If I think I'm going to be sick the panic that comes with it is beyond me. I end up walking up and down the flat, crying or asking for constant reassurance. It always gets to the point that the state I get in makes everything worse. Most of the time, when this happens I'm met with intrusive thoughts of being sick and my mind starts drifting back to food. This my friends is called a viscous circle, where it keeps going round and round. What ever I ate that day becomes a food that I associate with sick and I wont eat it again until it feels safe.
For me, going out I have to have a pack that makes it easier for myself. I carry hand gel and also anti-sickness tablets and my beta-blockers. I wont leave the house unless I have them with me and knowing they are there help me massively.
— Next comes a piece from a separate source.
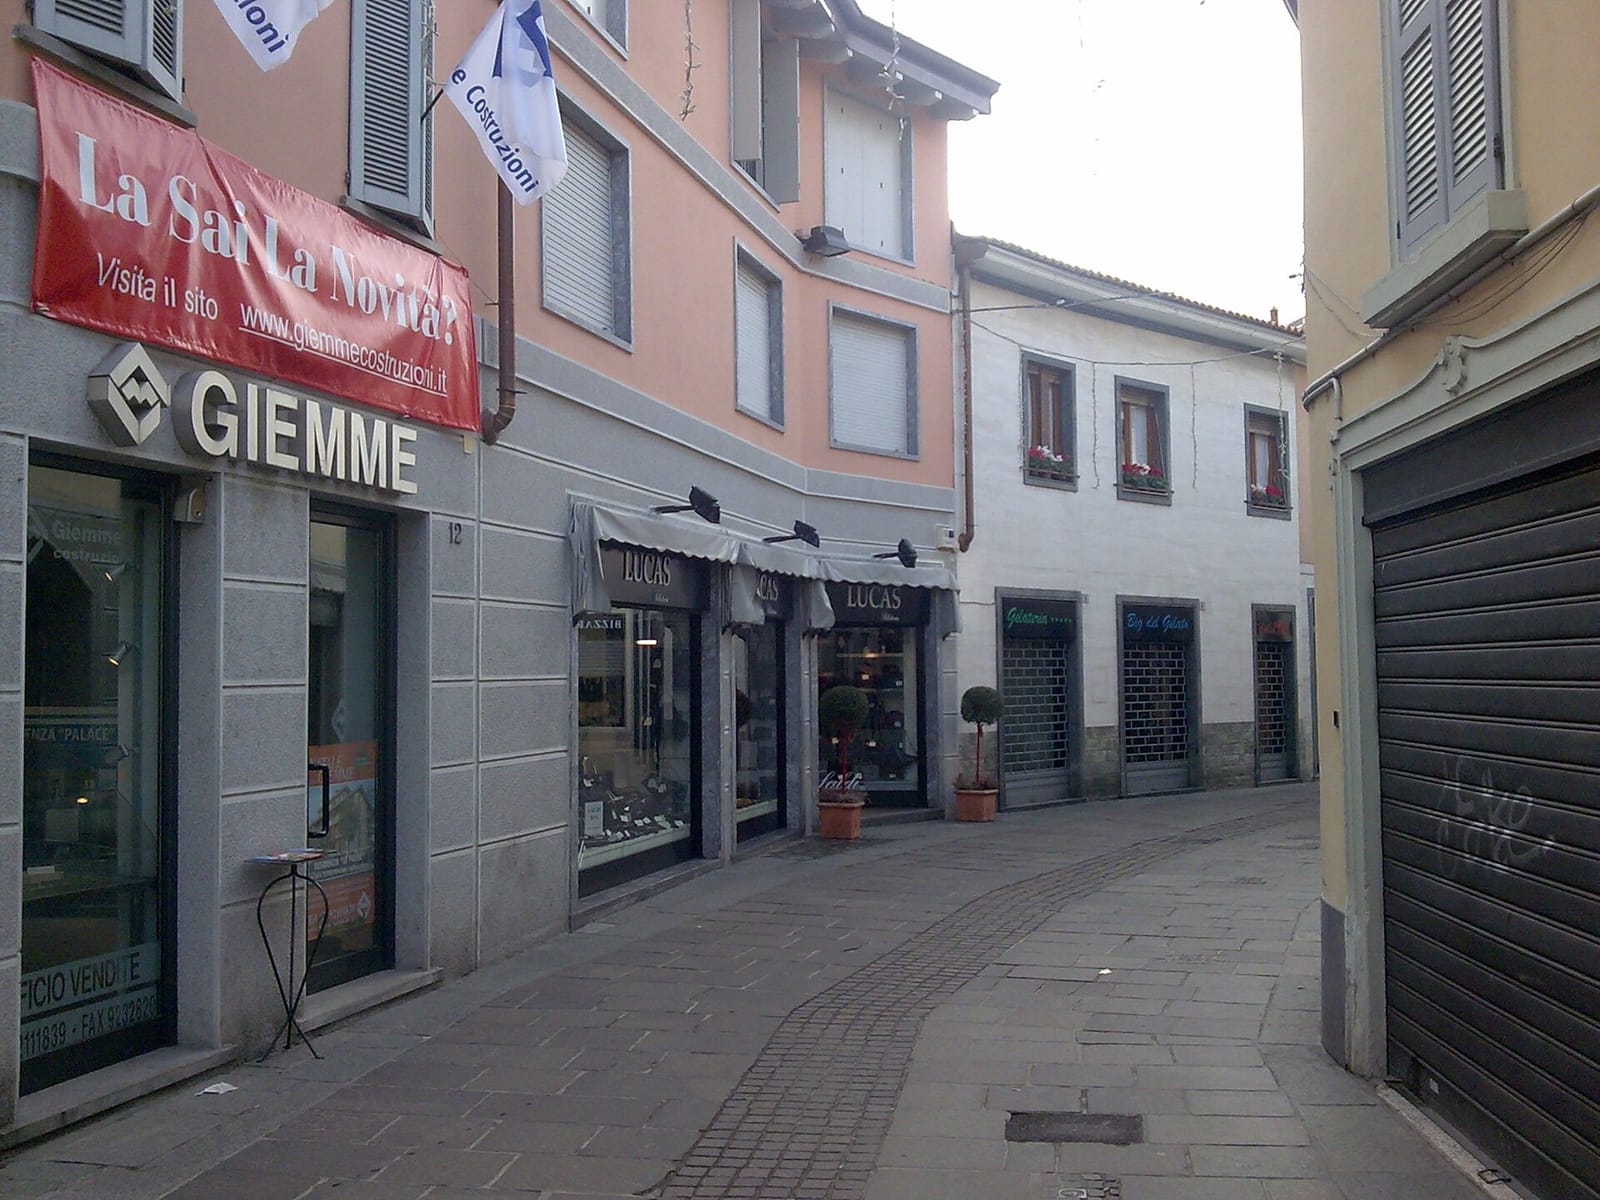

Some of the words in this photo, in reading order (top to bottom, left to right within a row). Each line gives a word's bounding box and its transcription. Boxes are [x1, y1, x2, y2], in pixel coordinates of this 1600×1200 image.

My Emetophobia controls so many parts of my life. I can't drink alcohol when I'm out in case it makes me feel sick - if I do I can only have a small amount before the thoughts start. When I eat I can only eat so much or I have to leave bits here and there because if it makes me full I might be sick. Sometimes it looks like I'm being fussy with my food but in all honestly, I'm scared I'm going to feel sick. I plan my food like no tomorrow and if I eat out I know what I will be eating in advance, even if I fancy something else I stick with what I planned. I control what I eat in a day so things don't mix that might not be considered "safe" in my eyes. I can't order chips if the meal is big because they fill me up and I can't take the risk.
OCD and Emetophobia go hand in hand for me but you don't get one because of the other. Many people just have OCD and many people just have Emetophobia. For myself having both is just the icing on the cake.
- Avoiding Doctors, Hospitals, Pharmacy's
- Throwing food out in case it might be off
- Continued washing of hands
- Not eating out or only in a way that feels right to you
- Checking if people "look" ill
- Not watching TV shows that contain images of Sick
- Doing rituals to advoid being sick
- Cleaning food obsessively
- Overcooking Food
- Avoiding people who are ill
- Eating only one type of food to prevent illness
- Avoiding Travel
- Eating foods with the right texture
- Asking for reasurance that you wont get ill
Emetophobia can be treated with CBT and ERP. It takes time but it can be done. I have tackled mine with it and it's honestly so much better (considering this post it can be hard to see this). Talk to your GP if you are worried you may have this. Remember this is a phobia and there is nothing to be ashamed of or embarrassed about. Talking to friends and family about what is going on can help you understand what is going on and gain the help you need.
If you know someone who has this phobia please be mindful of what you are saying. A phobia is an extreme fear and what they are doing/not doing to avoided sick is very real to them. Being mindful of everything is important because the pressure to be "normal" with this phobia is very strong. They might not eat or drink like you, so what? Don't point it out. Also the line "well, no one likes sick" doesn't really work against a phobia.